Beef and Barley Soup

I recently found this recipe on another food blog and am so glad that I made it.  I served it with King Arthur's Dinner Rolls and everyone loved it.  

Beef and Barley Soup:
click here for printable version
adapted from For the Love of Cooking

olive oil
2 pounds chuck, diced
1 small onion, diced
5 cloves garlic, minced
8 cups beef broth
2 bay leaves
8 ounces mushrooms, sliced
3 stalks celery, diced
3 carrots, diced
3 potatoes, diced
1/2 cup pearled barley
1/2 cup frozen peas
2 tablespoons cornstarch
salt and pepper, to taste

Preheat the oven to 275 degrees.  Put about 1-2 teaspoons olive oil in a large Dutch oven and heat over medium high.  Brown the meat, add the onion and garlic and cook until they are soft, about 5 minutes.  Add the broth, bay leaves and salt and pepper.  Cover and put in the oven for 2 1/2 hours.
Remove the soup from the oven and add the carrots, celery, potatoes, mushrooms and barley to the soup.  Cover and place over medium high heat, when it is boiling lower heat and simmer for about an hour.  Mix in the cornstarch with 1-2 tablespoons water and add to the soup.  Increase the heat until the soup is boiling, stir.  Remove from heat and serve.


Charlie said...

Elizabeth and I tried this last night and it was really good! Instead of potatoes we used sweet potatoes since we were trying to get rid of what he had in the fridge.
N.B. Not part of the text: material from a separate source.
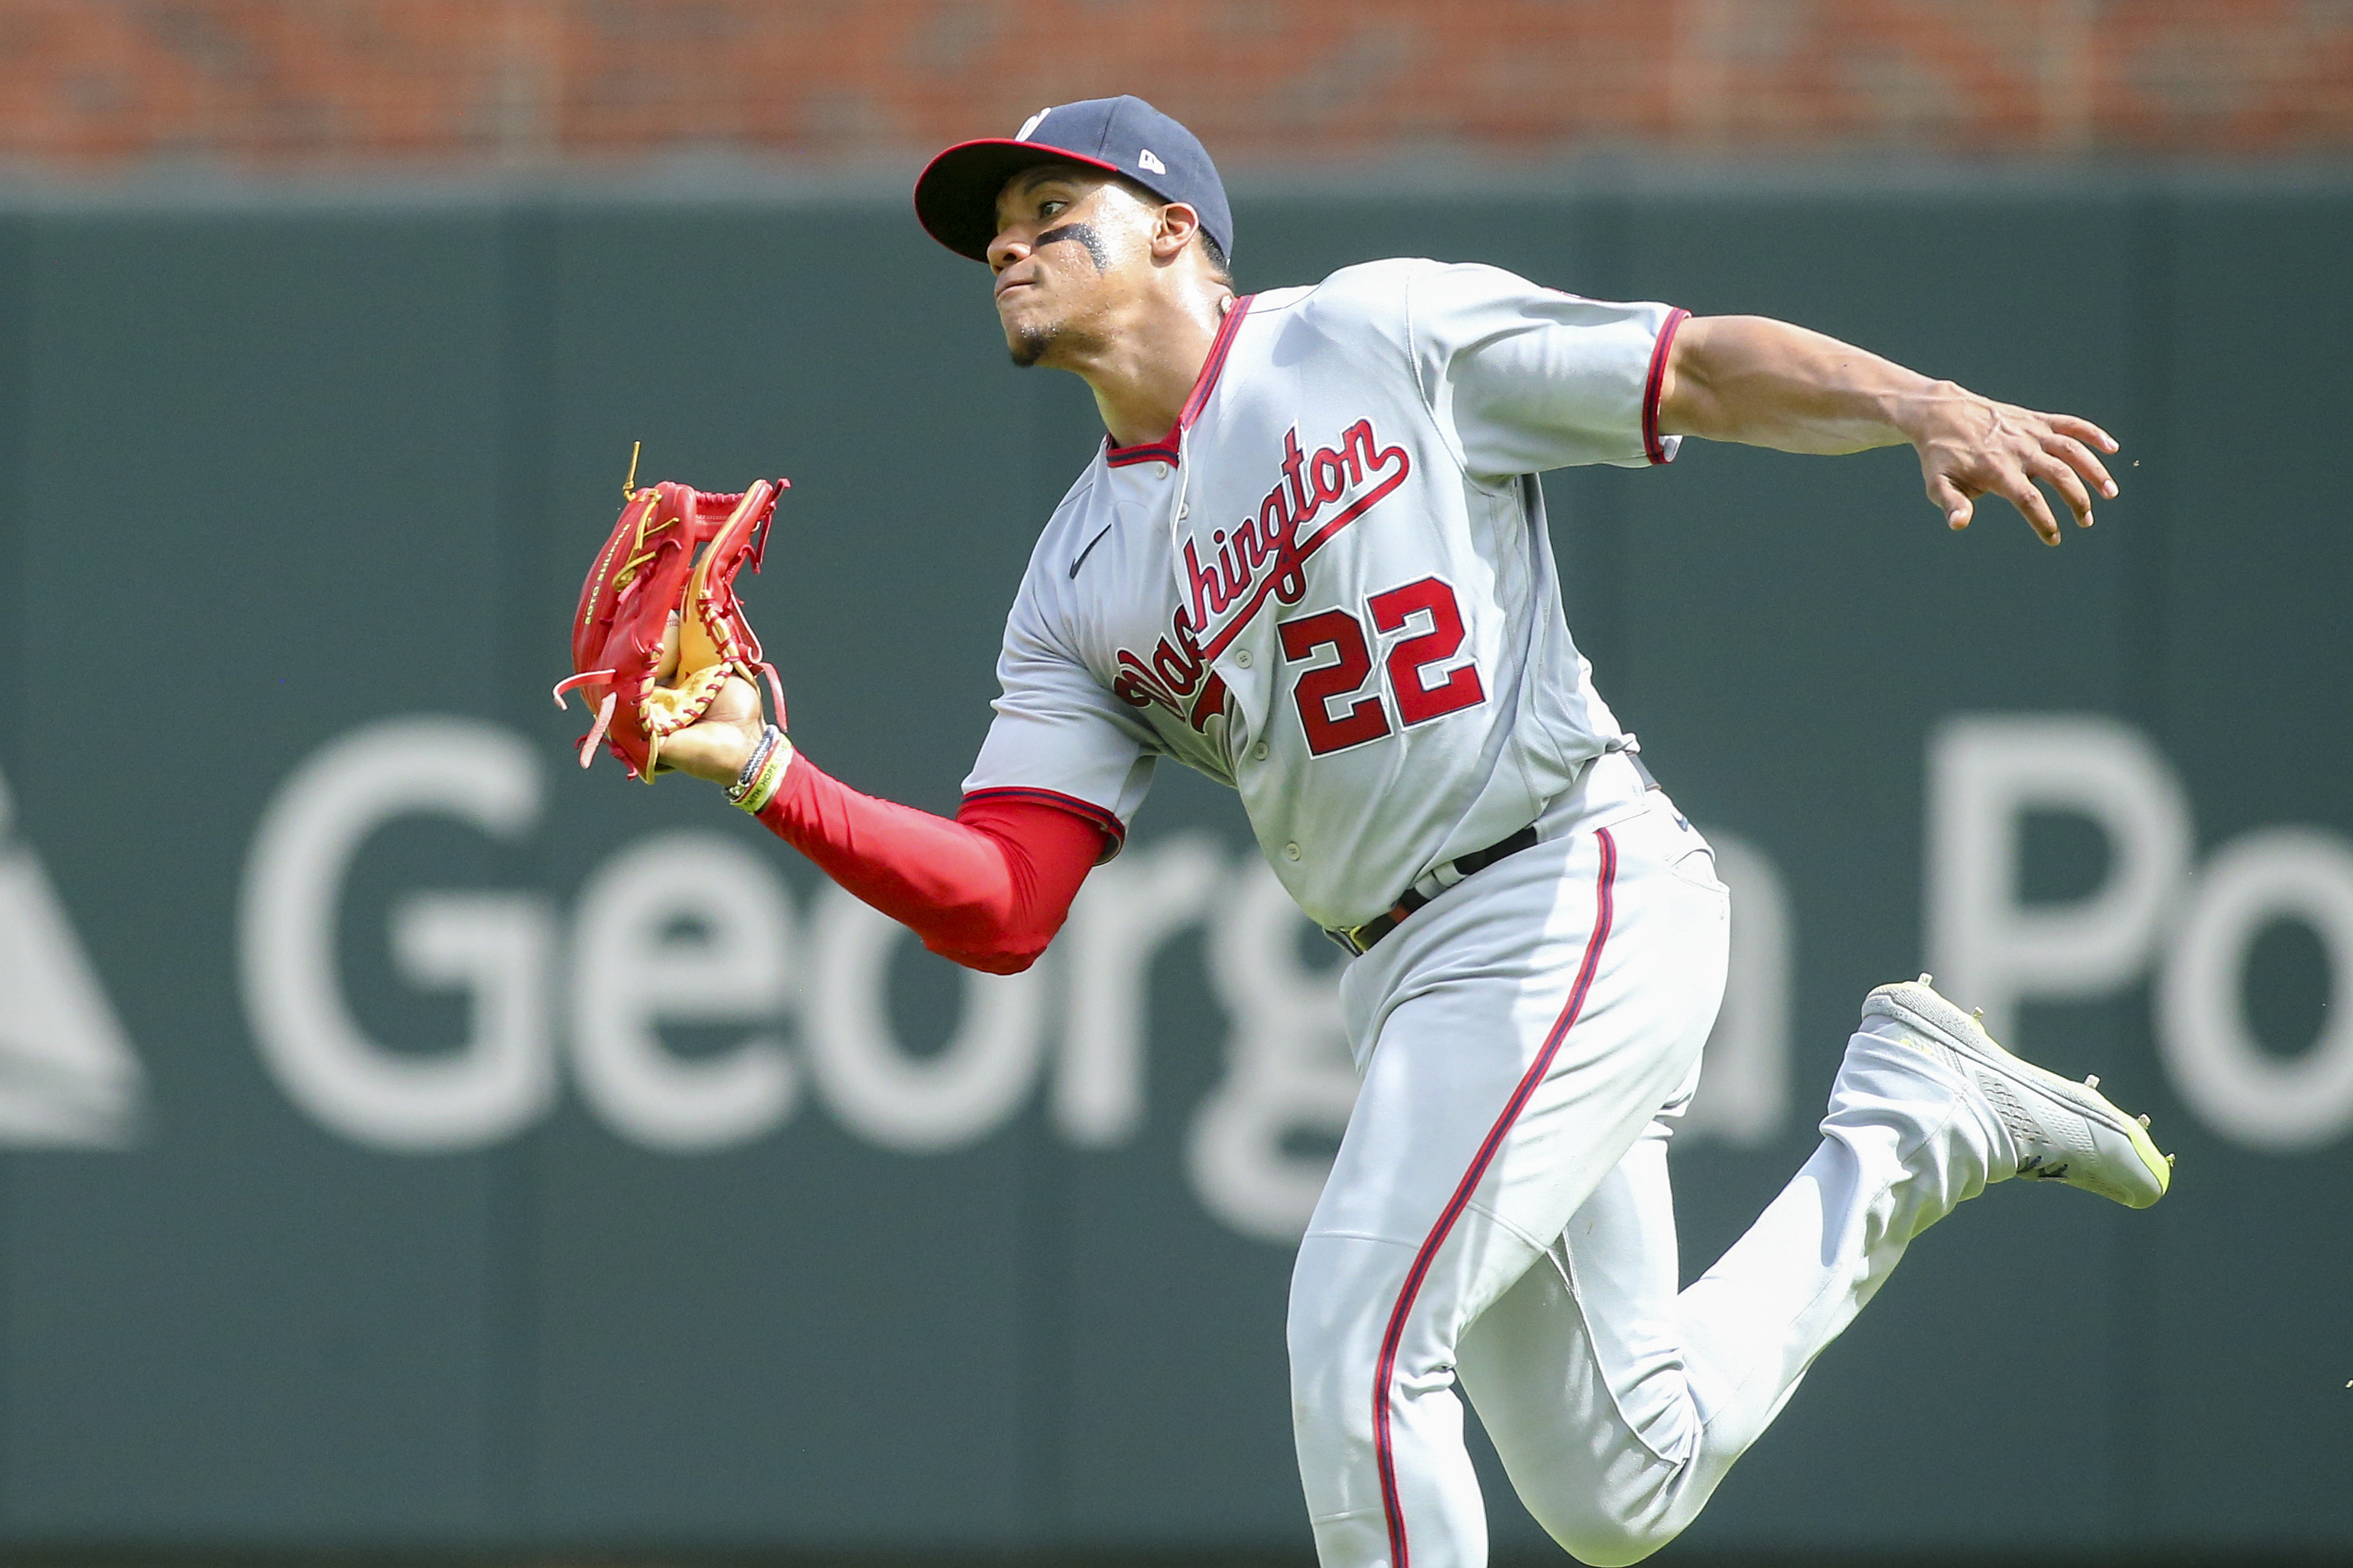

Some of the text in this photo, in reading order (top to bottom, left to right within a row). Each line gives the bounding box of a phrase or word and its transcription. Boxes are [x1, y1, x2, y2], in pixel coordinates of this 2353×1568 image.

[584, 585, 601, 625] SOTO
[1276, 572, 1493, 760] 22
[760, 763, 778, 787] HOPE
A few notes though... your ingredients list lists mushrooms but the directions don't say when to add them. Also, after taking the dutch oven out of the oven, the directions say to place over medium high heat for about an hour. Did it need to stay at medium high heat for the whole hour? I feared the whole thing would boil over, so we simmered for an hour.


Molly said...

Thanks Charlie!
I fixed the mistakes that I had made when I was typing the recipe.
I am glad you liked it!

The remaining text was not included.